| Data to use |
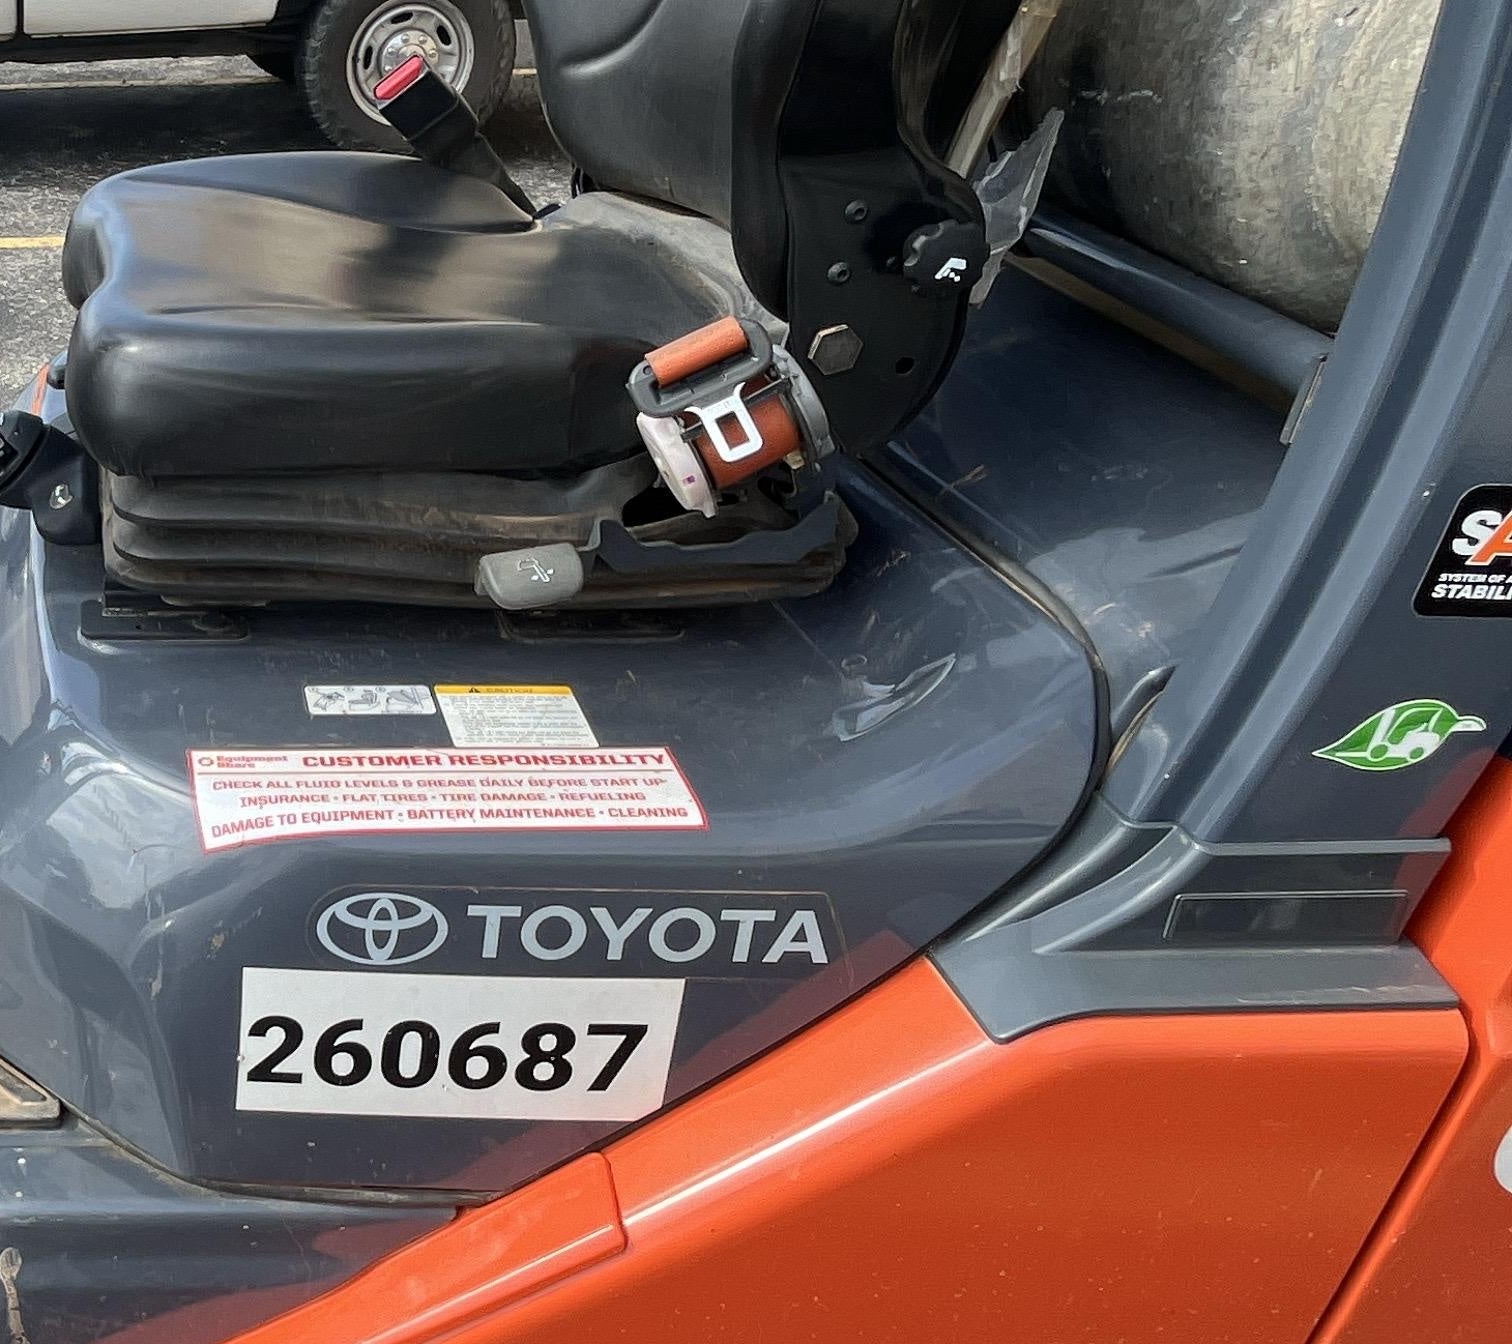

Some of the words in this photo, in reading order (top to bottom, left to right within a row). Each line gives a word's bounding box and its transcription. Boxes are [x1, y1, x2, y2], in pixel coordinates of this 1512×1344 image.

[1438, 573, 1488, 583] SYSTEM
[1487, 574, 1506, 584] OF
[303, 756, 442, 767] CUSTOMER
[448, 754, 664, 765] RESPONSIBILITY
[213, 779, 263, 790] CHECK
[266, 779, 289, 789] ALL
[296, 779, 340, 789] FLUID
[345, 778, 398, 789] LEVELS
[417, 778, 474, 788] GREASE
[479, 777, 523, 787] DAILY
[528, 777, 587, 787] BEFORE
[590, 777, 638, 787] START
[241, 794, 330, 807] INSURANCE
[342, 793, 377, 802] FLAT
[381, 792, 428, 802] TIRES
[440, 792, 477, 802] TIRE
[481, 792, 545, 802] DAMAGE
[559, 792, 646, 801] REFUELING
[211, 815, 274, 838] DAMAGE
[276, 813, 297, 826] TO
[302, 809, 394, 824] EQUIPMENT
[407, 808, 475, 820] BATTERY
[479, 807, 596, 819] MAINTENANCE
[608, 807, 688, 818] CLEANING
[467, 904, 829, 964] TOYOTA
[247, 1015, 648, 1092] 260687
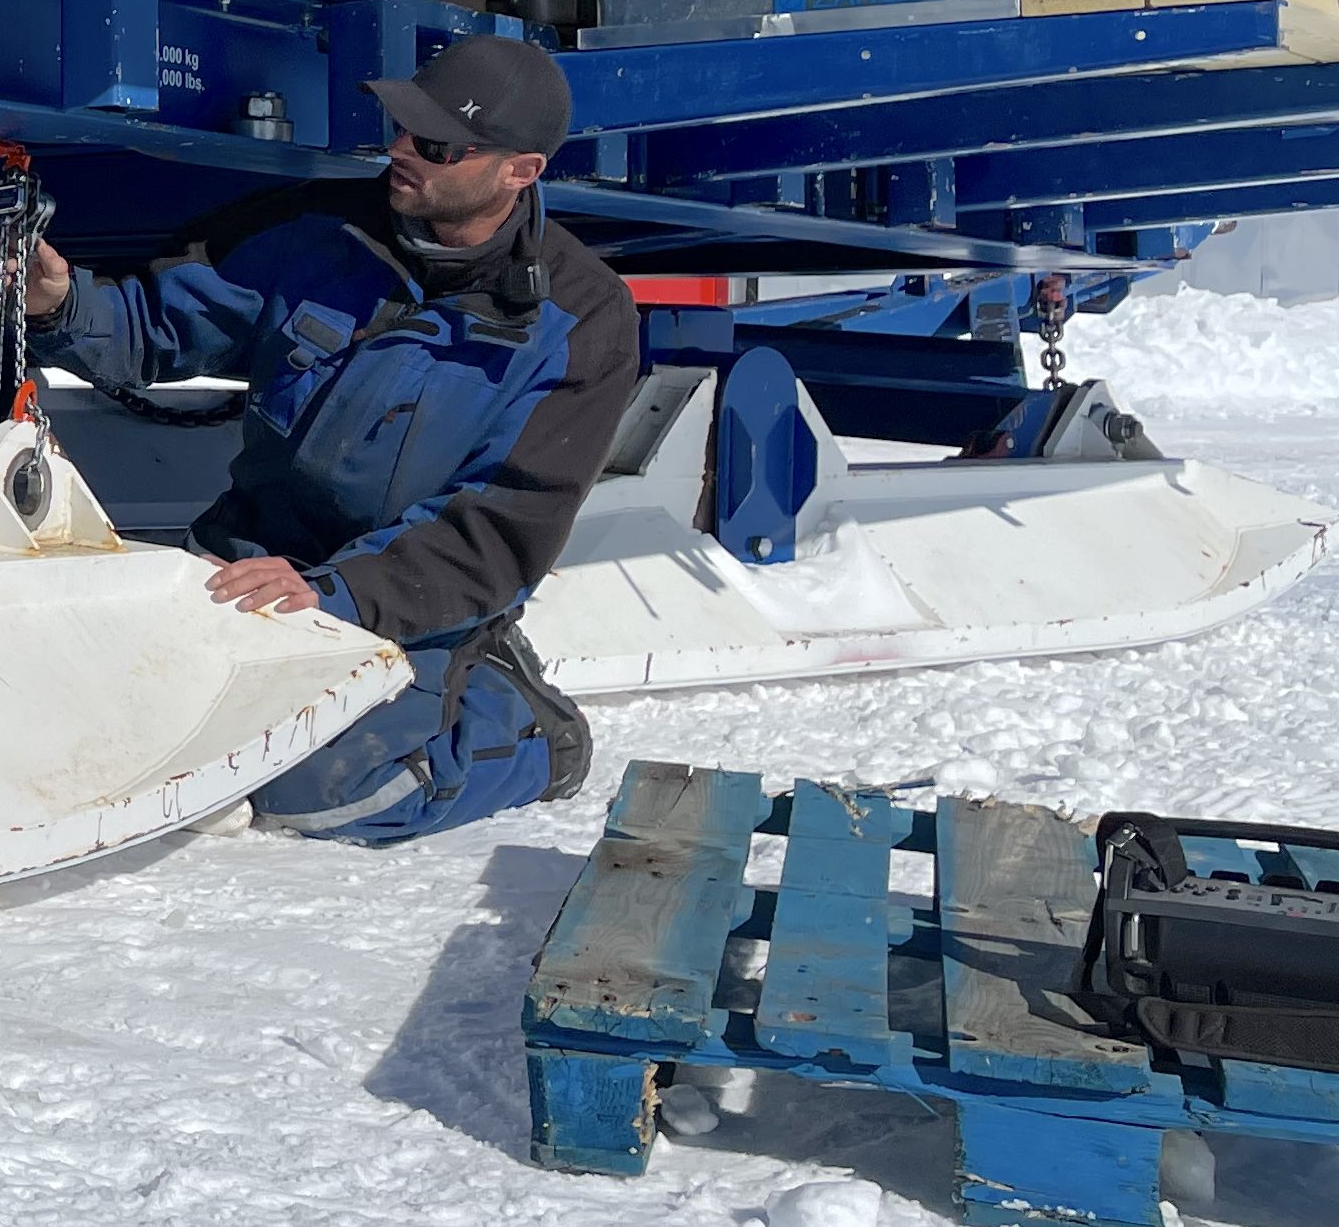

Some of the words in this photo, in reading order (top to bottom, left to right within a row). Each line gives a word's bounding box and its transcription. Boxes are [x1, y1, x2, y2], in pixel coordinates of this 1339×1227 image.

[159, 45, 183, 64] .000
[185, 48, 199, 71] kg
[159, 68, 183, 88] ,000
[185, 72, 206, 91] lbs.
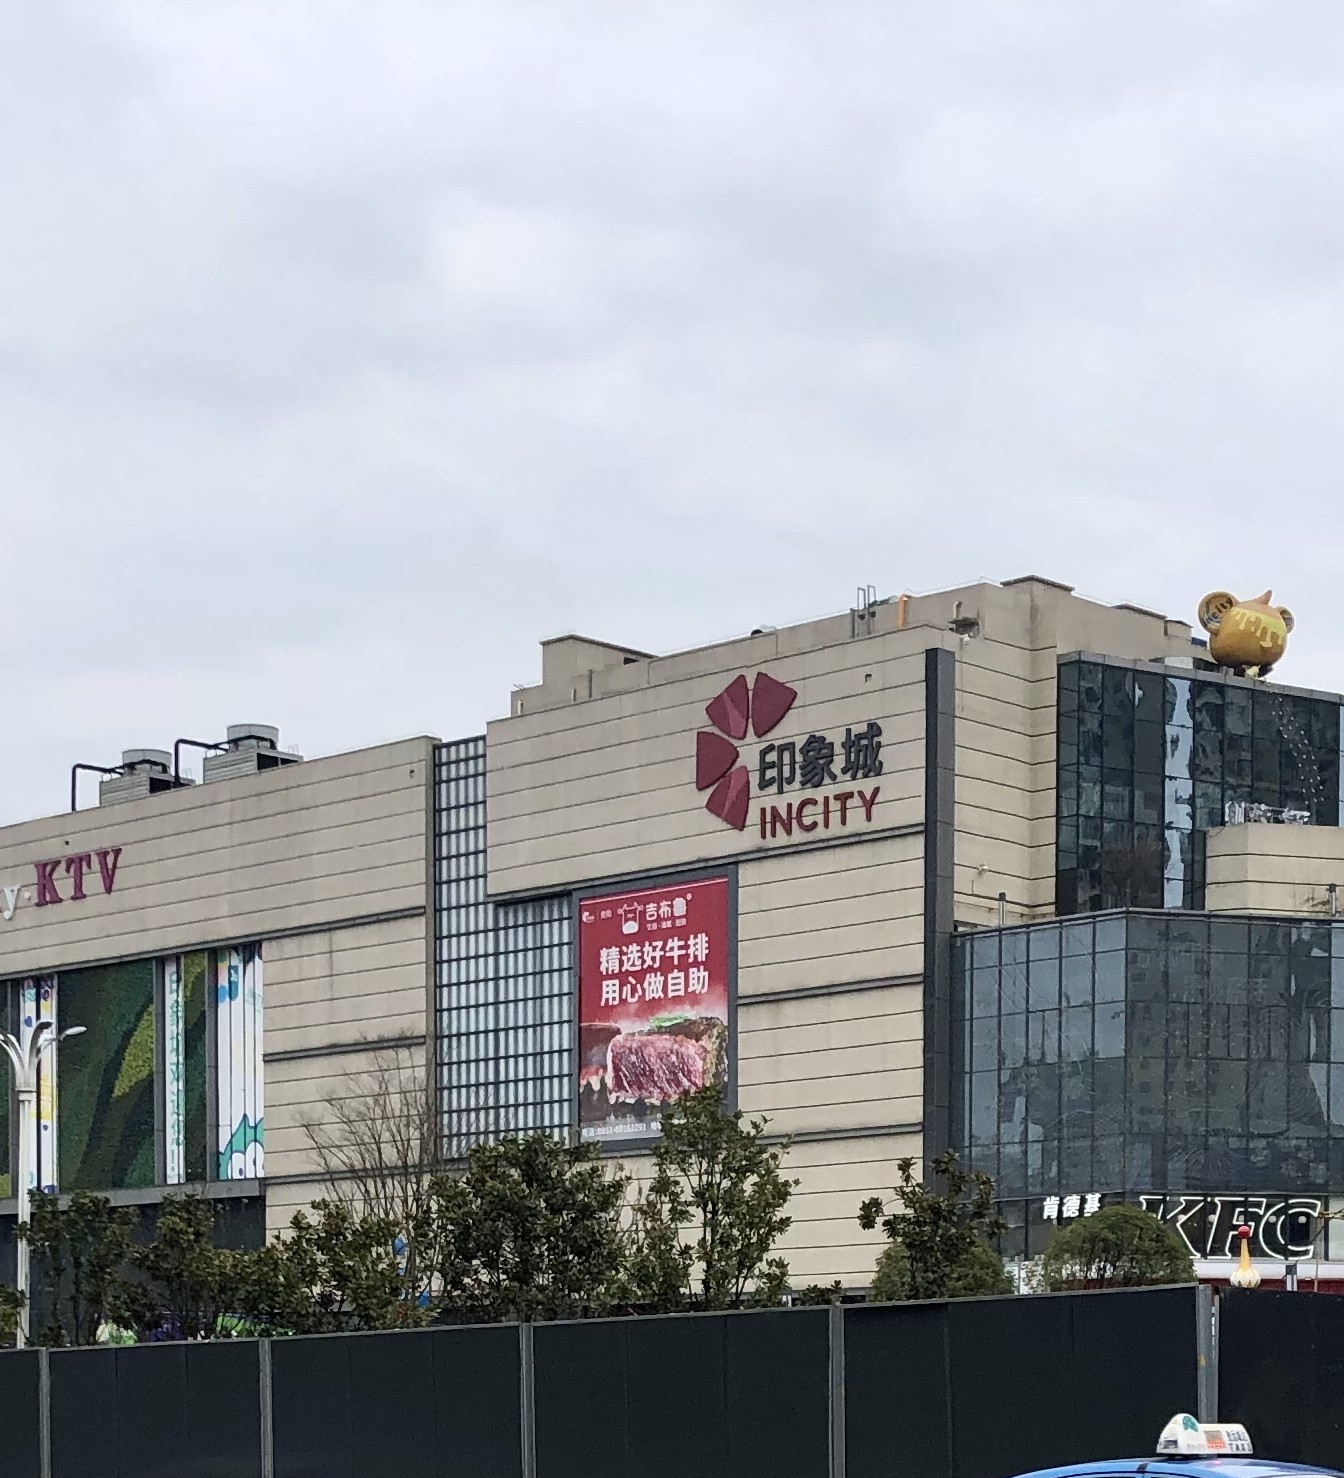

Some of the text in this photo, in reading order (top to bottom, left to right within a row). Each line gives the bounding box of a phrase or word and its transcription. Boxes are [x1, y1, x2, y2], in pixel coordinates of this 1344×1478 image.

[758, 721, 884, 795] 印象城
[760, 786, 881, 840] INCITY
[599, 932, 710, 976] 精选好牛排
[600, 965, 710, 1007] 用心做自助
[1042, 1193, 1102, 1220] 肯德基
[1139, 1195, 1322, 1260] KFC
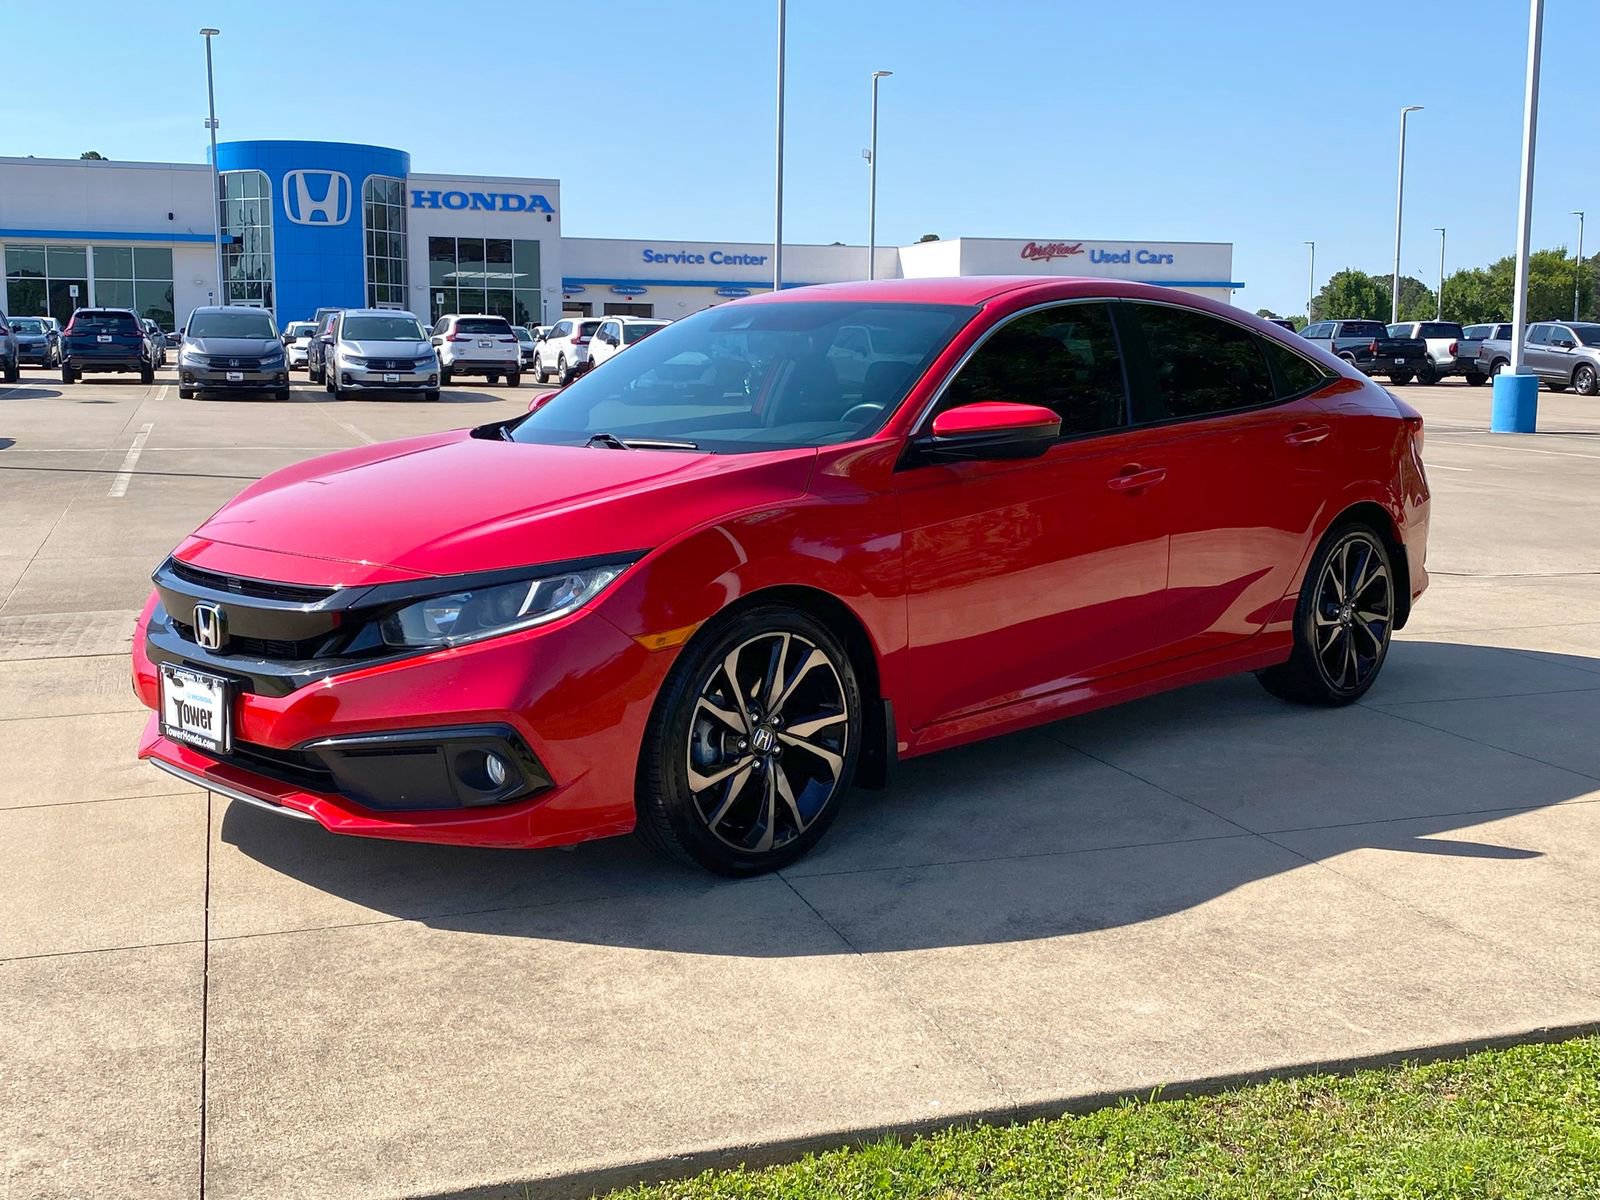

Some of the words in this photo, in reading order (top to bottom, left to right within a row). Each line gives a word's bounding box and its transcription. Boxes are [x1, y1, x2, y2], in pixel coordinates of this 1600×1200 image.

| What you need to do |
From the first line to the last, set down the data exactly, without the pictures.

| Your solution |
Some of the words in this photo, in reading order (top to bottom, left to right within a row). Each line gives a word's bounding box and its transcription. Boxes are [x1, y1, x2, y2], in pixel coordinates of this 1512×1344 image.

[1438, 573, 1488, 583] SYSTEM
[1487, 574, 1506, 584] OF
[303, 756, 442, 767] CUSTOMER
[448, 754, 664, 765] RESPONSIBILITY
[213, 779, 263, 790] CHECK
[266, 779, 289, 789] ALL
[296, 779, 340, 789] FLUID
[345, 778, 398, 789] LEVELS
[417, 778, 474, 788] GREASE
[479, 777, 523, 787] DAILY
[528, 777, 587, 787] BEFORE
[590, 777, 638, 787] START
[241, 794, 330, 807] INSURANCE
[342, 793, 377, 802] FLAT
[381, 792, 428, 802] TIRES
[440, 792, 477, 802] TIRE
[481, 792, 545, 802] DAMAGE
[559, 792, 646, 801] REFUELING
[211, 815, 274, 838] DAMAGE
[276, 813, 297, 826] TO
[302, 809, 394, 824] EQUIPMENT
[407, 808, 475, 820] BATTERY
[479, 807, 596, 819] MAINTENANCE
[608, 807, 688, 818] CLEANING
[467, 904, 829, 964] TOYOTA
[247, 1015, 648, 1092] 260687

Some of the words in this photo, in reading order (top to bottom, left to right within a row). Each line gives a word's bounding box and its transcription. Boxes are [x1, y1, x2, y2], in pixel coordinates of this 1339×1227 image.

[159, 45, 183, 64] .000
[185, 48, 199, 71] kg
[159, 68, 183, 88] ,000
[185, 72, 206, 91] lbs.

Some of the text in this photo, in reading order (top to bottom, left to right within a row). Each line gives the bounding box of a phrase or word and its transcription. Boxes are [x1, y1, x2, y2], in pixel coordinates of this 1344×1478 image.

[758, 721, 884, 795] 印象城
[760, 786, 881, 840] INCITY
[599, 932, 710, 976] 精选好牛排
[600, 965, 710, 1007] 用心做自助
[1042, 1193, 1102, 1220] 肯德基
[1139, 1195, 1322, 1260] KFC

Some of the words in this photo, in reading order (top to bottom, left to right within a row). Each line gives a word's bounding box and its transcription. Boxes are [x1, y1, x2, y2], in pixel coordinates of this 1600×1200 image.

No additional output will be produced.